About

Un-College is not a personal mission. It’s a place to learn about options, both as a teen or as a parent of one. I share my personal story not because it in any way drove me to consider promoting alternatives to traditional college, but because with years of reflection, I realize I could’ve used an “un-college” alternative myself.

When I was a teenager, I loved to cook. I have no idea where the passion came from; not from any family connection. But I found myself watching endless PBS cooking shows; I likely wasn’t the target demo. Due to family circumstances, from the time I could cook, my parents were gone from the home often and I was left with the option of frozen dinners or making something myself. I chose the latter. Not long after I learned that girls love a man who can cook. That sealed the deal. I thought my future was in the kitchen.

I imagined myself taking a technical career path after high school. Becoming trained in cooking, working my way up from low level jobs in restaurants, perhaps attending more prominent cooking schools, working under famous chefs, until one day making my own mark. If you’ve seen modern TV cooking shows, you see these people all the time now.

Coming from a set of parents of immigrant families (if you’re familiar), the concept of going to college was sacrosanct. Very little about what would take place there was ever discussed; merely, you’re expected to go. And then as now, your parents are not alone in this cajoling. School counselors, peers, relatives — they all push for college after high school. It’s not some insidious conspiracy. They too are rock sure it’s the plan to get ahead. Whatever that means.

I folded to the pressures, ditched my plans for cooking, and attended a four-year college out of state. I am not complaining about that experience; I feel blessed for the opportunity and experience. I made lifelong friends. I met people from all over the world. I learned more than any amateur should know about ancient pottery. But I never felt quite at home. It wasn’t the college, it was me.

The point of un-college isn’t to point out why college, especially a traditional four-year college, is a bad idea. For many people, it’s amazing, it’s inspiring, it’s absolutely the right choice. But when you look at how fast college has grown as an option for high school grads, even from three decades ago when I attend, you have to stop and think, what’s going on here? 70% of high school grads attend some type of college; 30% attend a four-year program. Is college this universally amazing thing that is now available to everybody OR is some or much of this growth attributable to business interests.

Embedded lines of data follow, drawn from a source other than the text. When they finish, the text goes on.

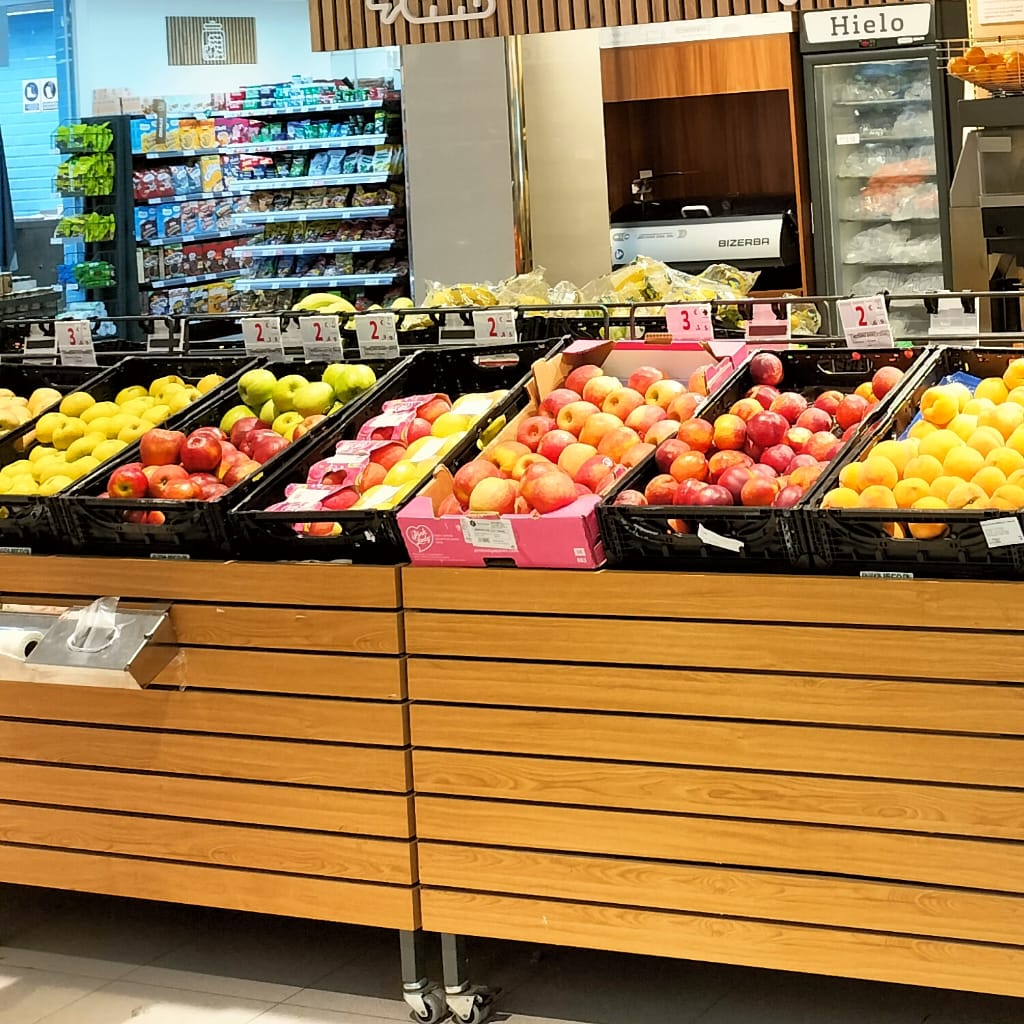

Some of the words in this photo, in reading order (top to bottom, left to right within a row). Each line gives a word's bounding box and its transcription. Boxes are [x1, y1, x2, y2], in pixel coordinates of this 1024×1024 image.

[830, 12, 905, 36] Hielo
[718, 237, 770, 247] BIZERBA
[681, 310, 691, 330] 3
[855, 306, 867, 326] 2
[67, 328, 76, 345] 3
[255, 323, 264, 342] 2
[313, 323, 323, 341] 2
[369, 321, 379, 340] 2
[487, 317, 497, 337] 2

When I attended college, tuition prices were rising annual at almost precisely the inflation rate. Meaning, the real price was not going up from year to year. In the past 30 years, the cost of college starting diverting much higher than inflation, 2-3 times so, such that the full cost of college has become one of fasting price growing commodities in the market. Imagine that — the price of a good triples and more and more people “buy” it.

There are very few places where you see such indifference to price. One of those is in the medication markets. Medication is one of those necessity items you have to pay for — so you moan and groan about the rising cost, but you always buy it. College is now the same. But is it a necessity like medicine?

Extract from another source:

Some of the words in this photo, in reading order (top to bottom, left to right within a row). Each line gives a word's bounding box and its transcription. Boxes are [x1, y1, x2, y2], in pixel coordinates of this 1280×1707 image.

I started with passion and I spun around to price. That’s because I want both teens and their parents to engage in the un-college information. And having been both in my life, I understand that the teen and the parent may not have the same interests in exploring un-college. Trust me, teens, your parents are seeing that there is 1.41 TRILLION dollars in unpaid student loan debt in this country and they are holding their chests.

There is a College Industrial Complex in the United States and other nations. Sorry for more numbers, but the college and universities market in the U.S. is worth over $500 billion a year. As you may guessed, it’s rising; up more than $100 billion in the past eight years alone. These staggering dollar figures aren’t mean to impugn or suggest everybody in the college business is a mindless moneymaking vulture. That’s fun to picture, but not true. However, it is very true that monster businesses can act quite monstrously, even when not intending to do so. Like spiraling their prices and placing inordinate debt on America’s college graduates.